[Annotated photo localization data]
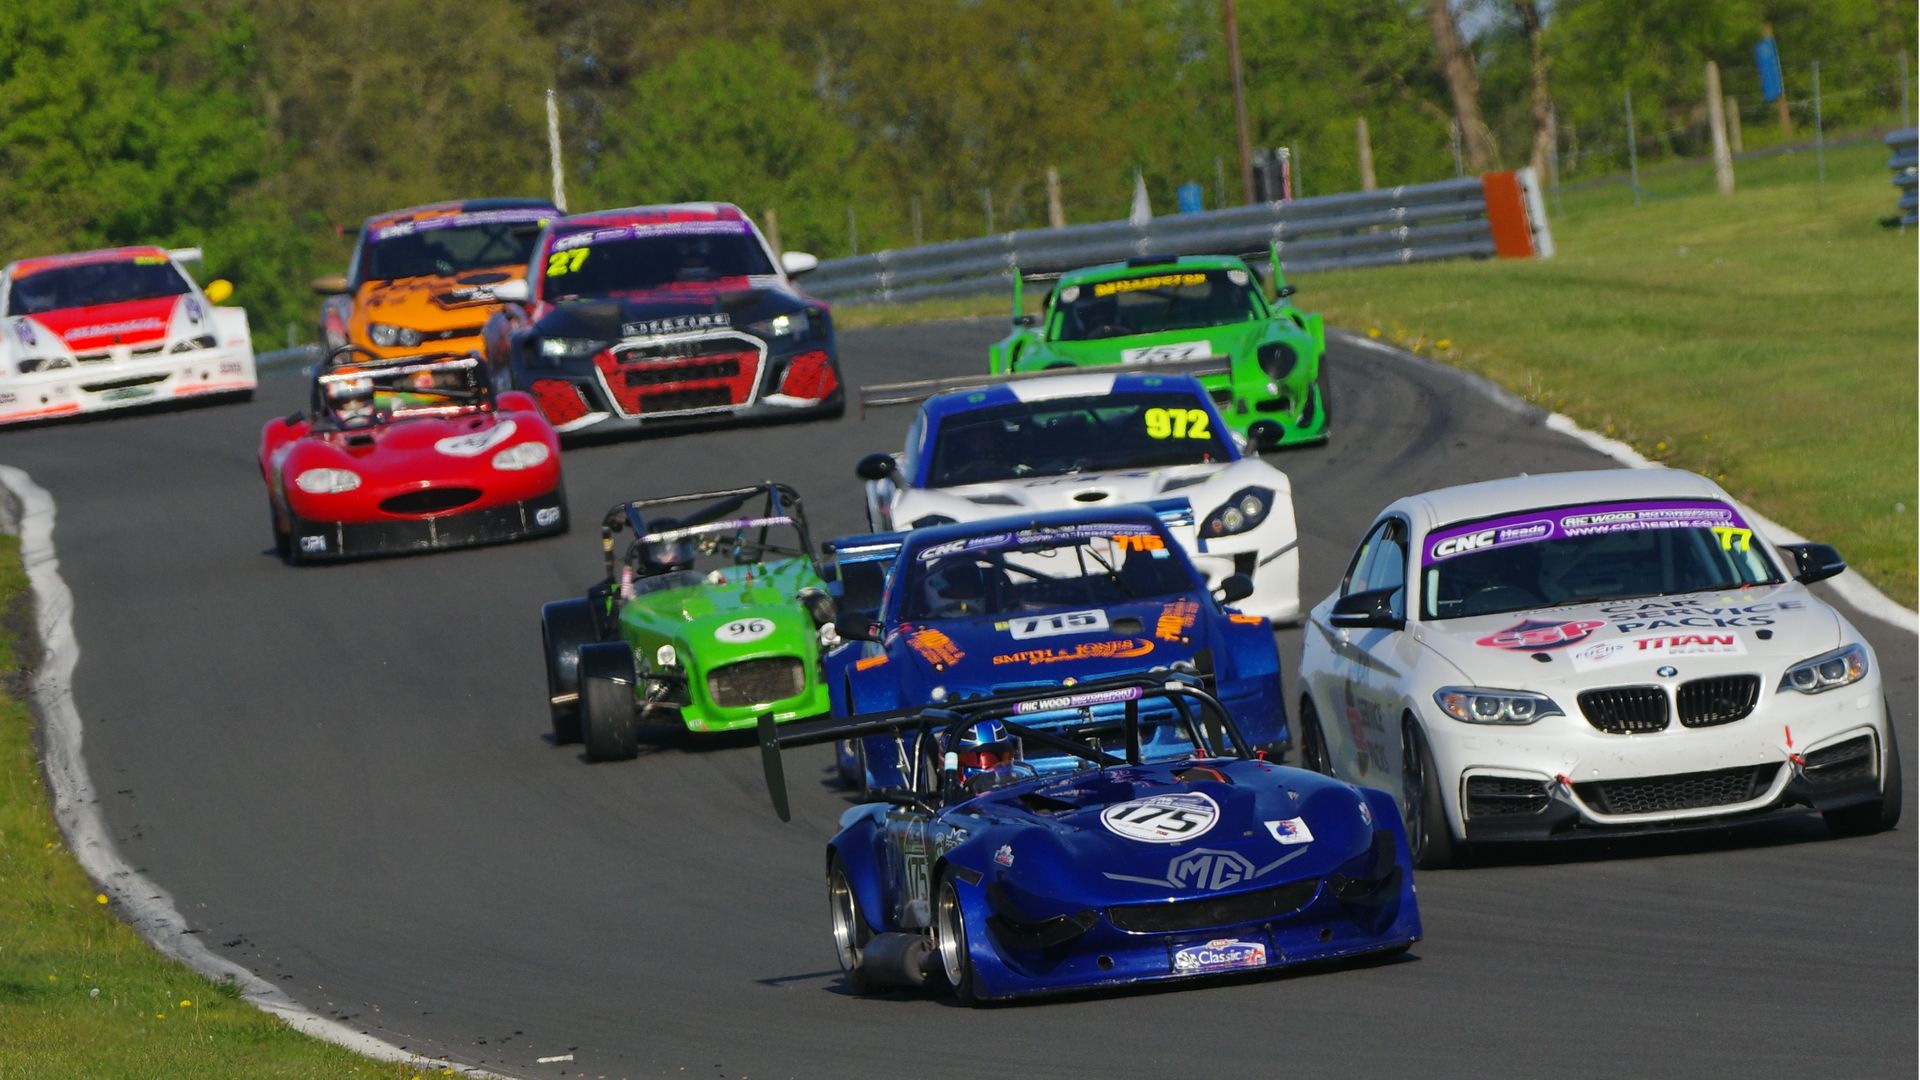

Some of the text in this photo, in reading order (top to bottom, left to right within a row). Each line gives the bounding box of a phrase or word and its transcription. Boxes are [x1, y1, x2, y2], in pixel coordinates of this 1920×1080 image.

[547, 248, 590, 277] 27
[1144, 408, 1212, 440] 972
[1564, 519, 1736, 537] www.cncheads.co.uk
[1565, 509, 1724, 527] RIC WOOD MOTORSPORT
[1112, 534, 1165, 551] 715
[1437, 524, 1546, 556] CNC Heads
[1711, 526, 1752, 551] 77
[920, 540, 966, 560] CNC
[1601, 600, 1703, 613] CAR
[1608, 600, 1806, 622] SERVICE
[729, 620, 765, 636] 96
[1021, 612, 1098, 634] 715
[1617, 615, 1776, 633] PACKS
[993, 649, 1053, 665] SMITH
[1075, 640, 1134, 656] JONES
[1633, 634, 1734, 650] TITAN
[1021, 701, 1038, 712] RIC
[1039, 697, 1071, 709] WOOD
[1071, 688, 1132, 704] MOTORSPORT
[1110, 805, 1210, 833] 175
[1177, 855, 1243, 890] MG
[1199, 950, 1242, 964] Classic
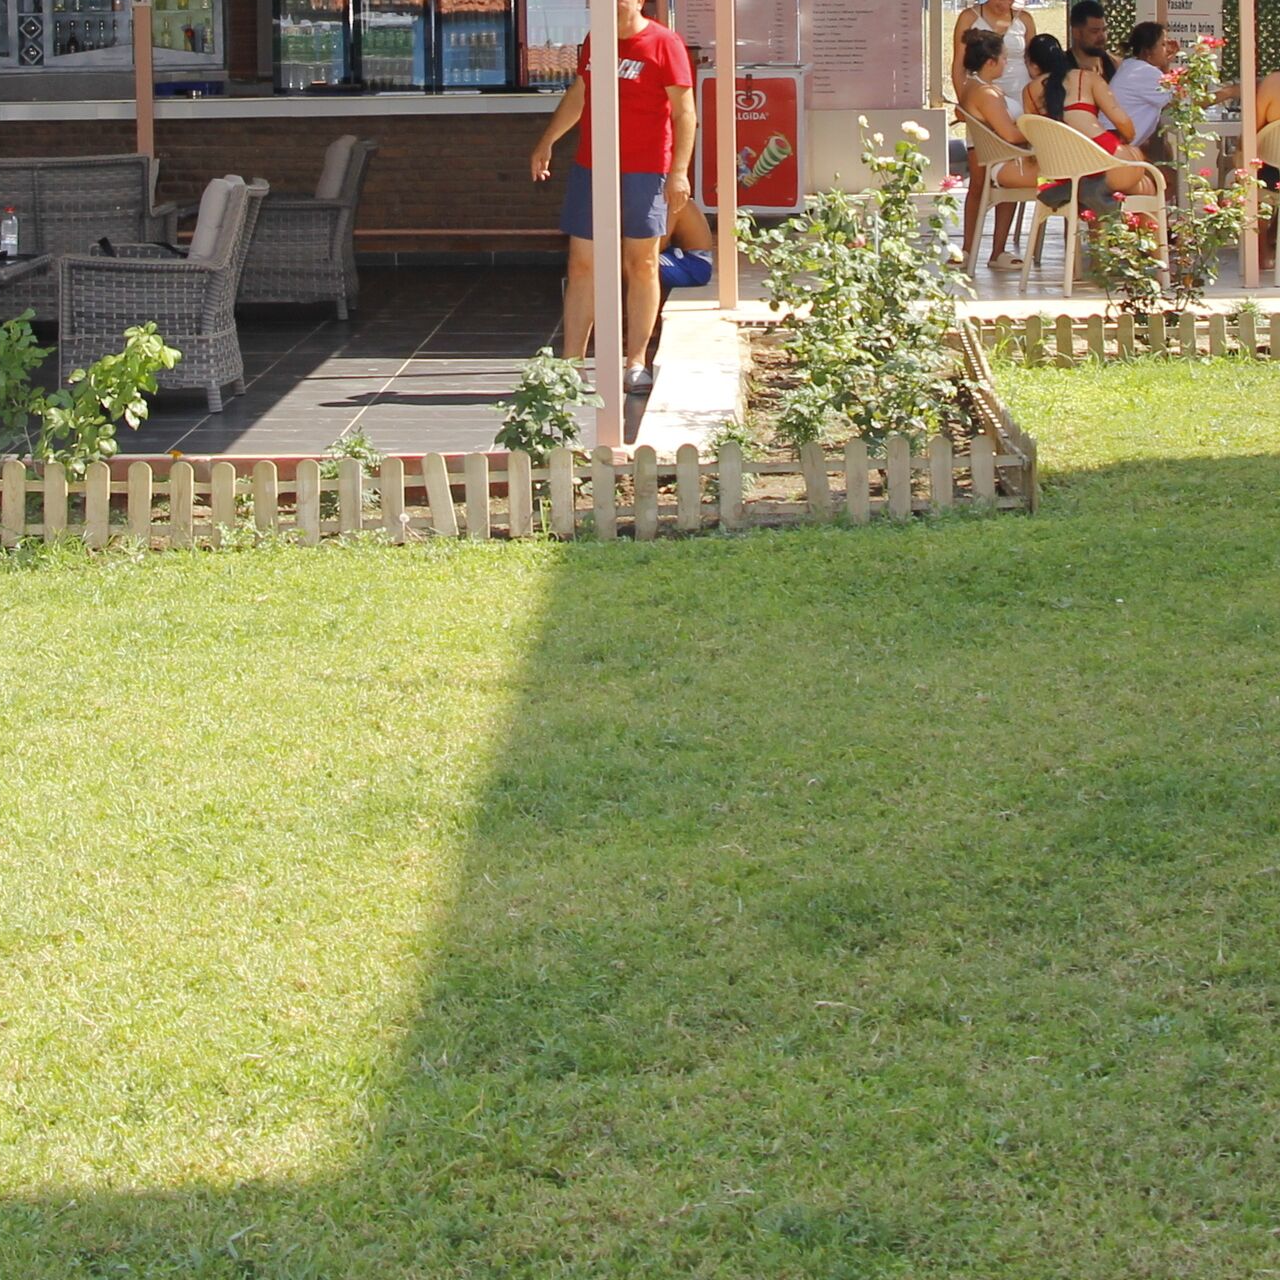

- **Your assignment**
Where an image appears in the data, skip it, and return the rest verbatim.

- **Response to this task**
Some of the text in this photo, in reading order (top to bottom, left to right within a row). Each line gives the bounding box of a phrase or word and its transcription. Boxes are [x1, y1, x2, y2], in pixel coordinates of this 1920×1080 image.

[547, 248, 590, 277] 27
[1144, 408, 1212, 440] 972
[1564, 519, 1736, 537] www.cncheads.co.uk
[1565, 509, 1724, 527] RIC WOOD MOTORSPORT
[1112, 534, 1165, 551] 715
[1437, 524, 1546, 556] CNC Heads
[1711, 526, 1752, 551] 77
[920, 540, 966, 560] CNC
[1601, 600, 1703, 613] CAR
[1608, 600, 1806, 622] SERVICE
[729, 620, 765, 636] 96
[1021, 612, 1098, 634] 715
[1617, 615, 1776, 633] PACKS
[993, 649, 1053, 665] SMITH
[1075, 640, 1134, 656] JONES
[1633, 634, 1734, 650] TITAN
[1021, 701, 1038, 712] RIC
[1039, 697, 1071, 709] WOOD
[1071, 688, 1132, 704] MOTORSPORT
[1110, 805, 1210, 833] 175
[1177, 855, 1243, 890] MG
[1199, 950, 1242, 964] Classic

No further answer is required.